◆ **Stored data**
┌──

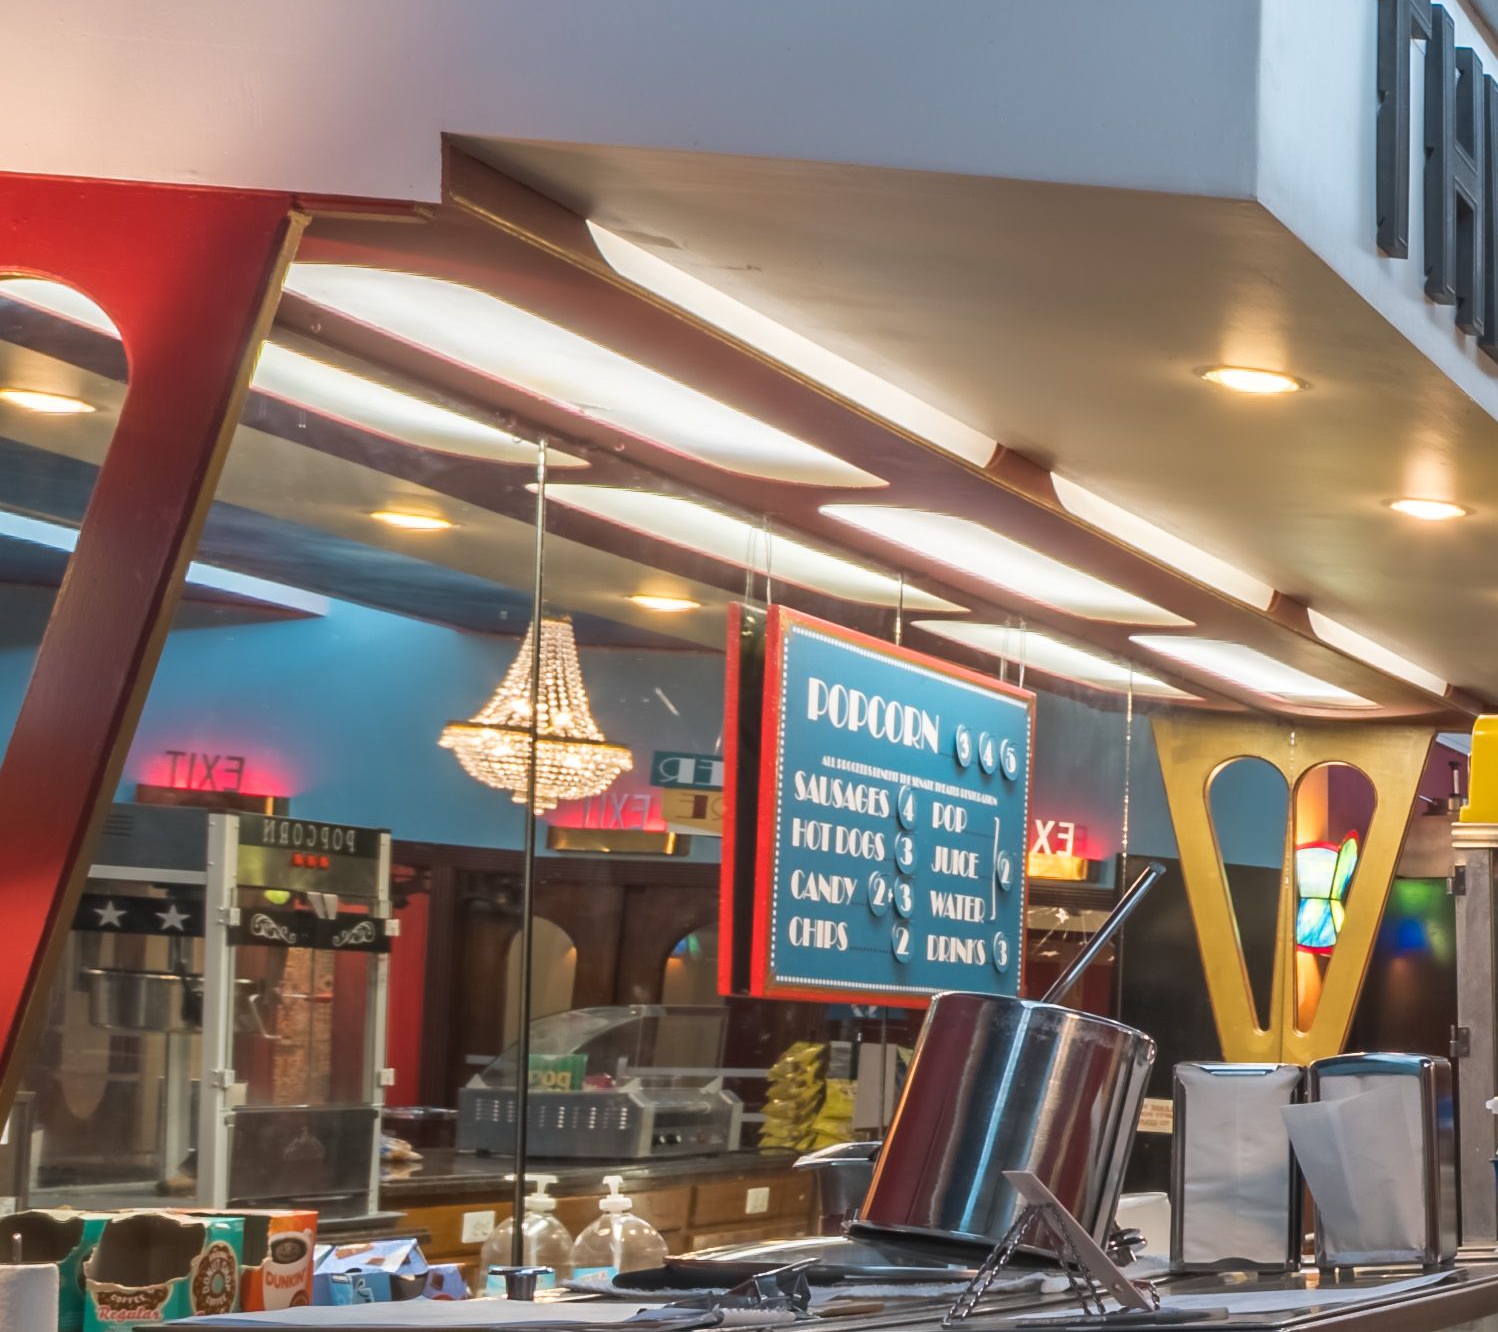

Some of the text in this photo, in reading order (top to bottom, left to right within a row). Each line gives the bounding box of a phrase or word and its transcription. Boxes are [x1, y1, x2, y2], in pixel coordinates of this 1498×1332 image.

[807, 677, 1017, 774] POPCORN 3 4 5
[794, 770, 914, 821] SAUSAGES 4
[932, 801, 968, 833] POP
[792, 818, 913, 866] HOT DOGS 3
[931, 846, 1011, 884] JUICE 2
[790, 869, 858, 906] CANDY
[872, 877, 886, 907] 2
[900, 883, 912, 912] 3
[930, 890, 986, 924] WATER
[789, 916, 910, 955] CHIPS 2
[927, 934, 1008, 967] DRINKS 3
[97, 1305, 162, 1322] Regular
[109, 1293, 147, 1303] COFFEE
[205, 1293, 227, 1307] COFFEE
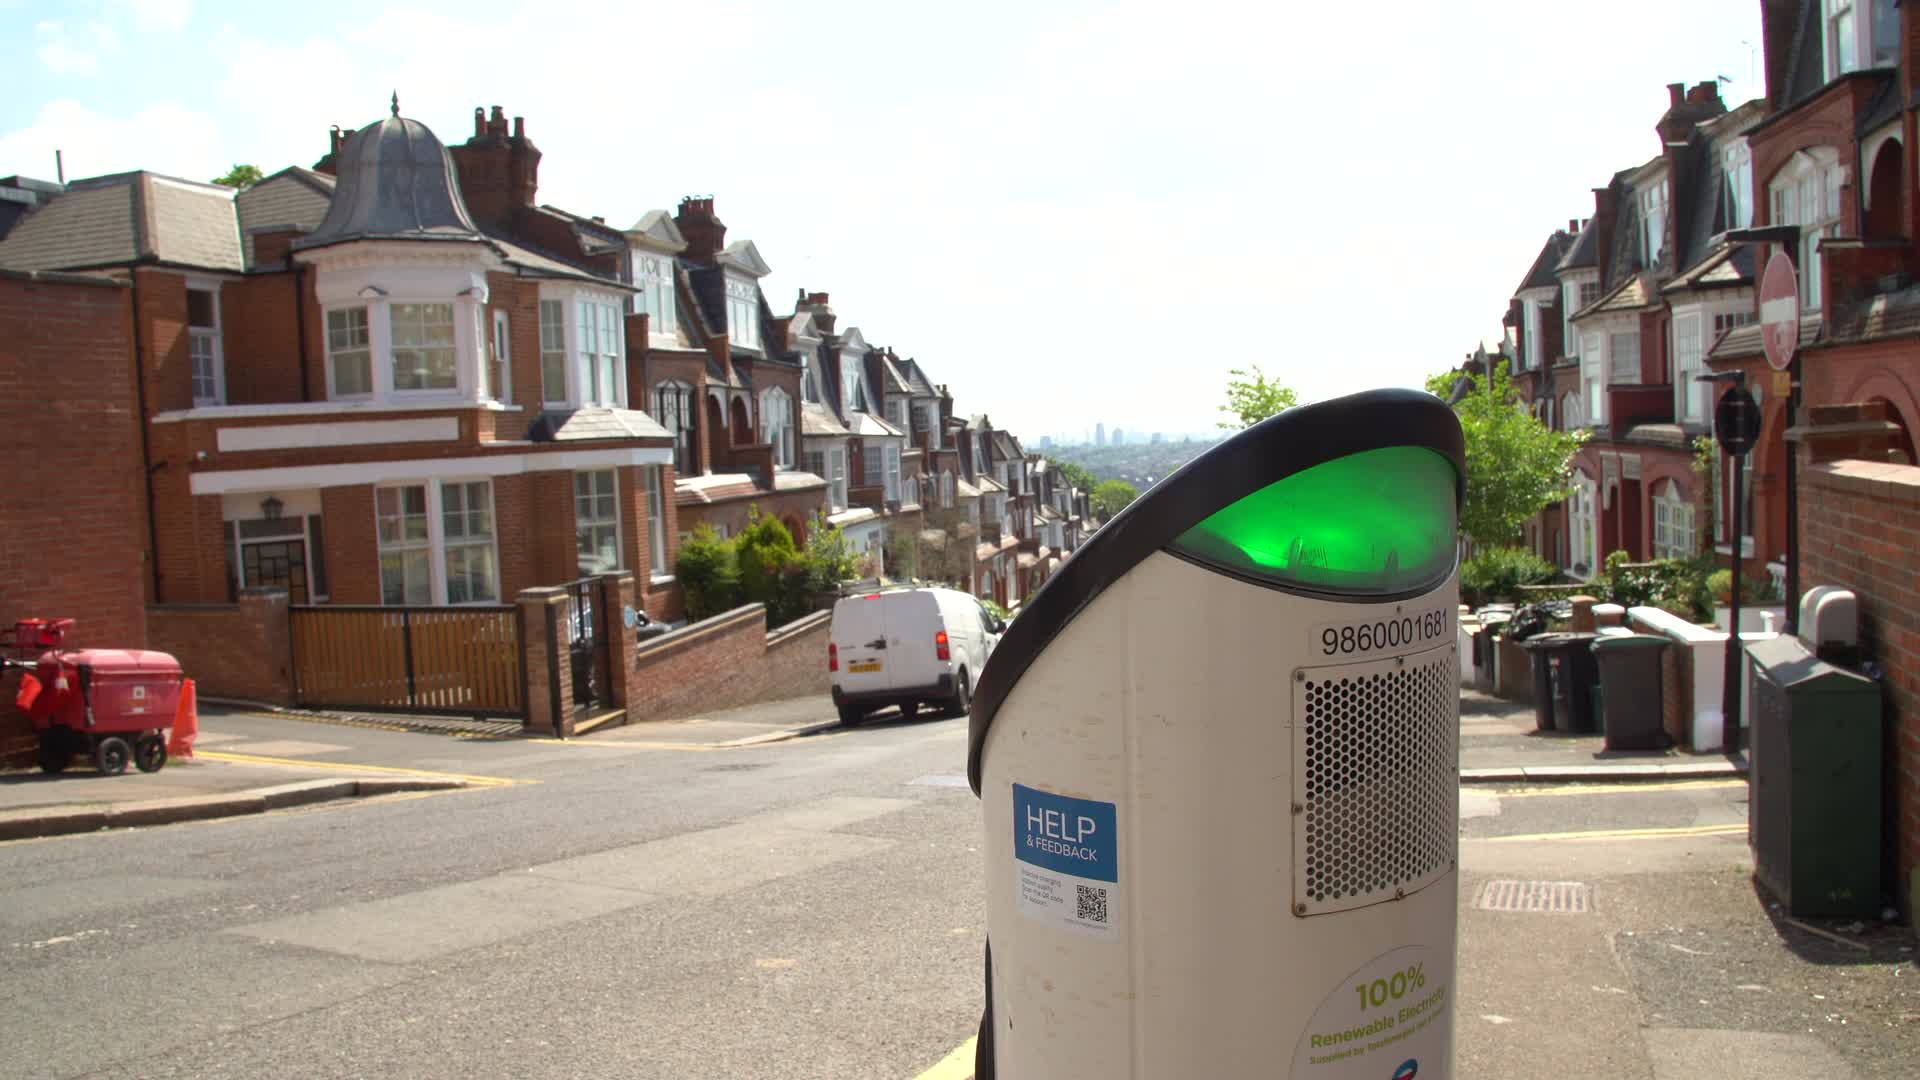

└──

◆ **Goal of the exercise**
Print every line above exactly. Leave the pictures out.

◆ **Output of the exercise**
Some of the text in this photo, in reading order (top to bottom, left to right within a row). Each line gives the bounding box of a phrase or word and its transcription. Boxes are [x1, y1, x2, y2], in pixel coordinates of this 1498×1332 image.

[807, 677, 1017, 774] POPCORN 3 4 5
[794, 770, 914, 821] SAUSAGES 4
[932, 801, 968, 833] POP
[792, 818, 913, 866] HOT DOGS 3
[931, 846, 1011, 884] JUICE 2
[790, 869, 858, 906] CANDY
[872, 877, 886, 907] 2
[900, 883, 912, 912] 3
[930, 890, 986, 924] WATER
[789, 916, 910, 955] CHIPS 2
[927, 934, 1008, 967] DRINKS 3
[97, 1305, 162, 1322] Regular
[109, 1293, 147, 1303] COFFEE
[205, 1293, 227, 1307] COFFEE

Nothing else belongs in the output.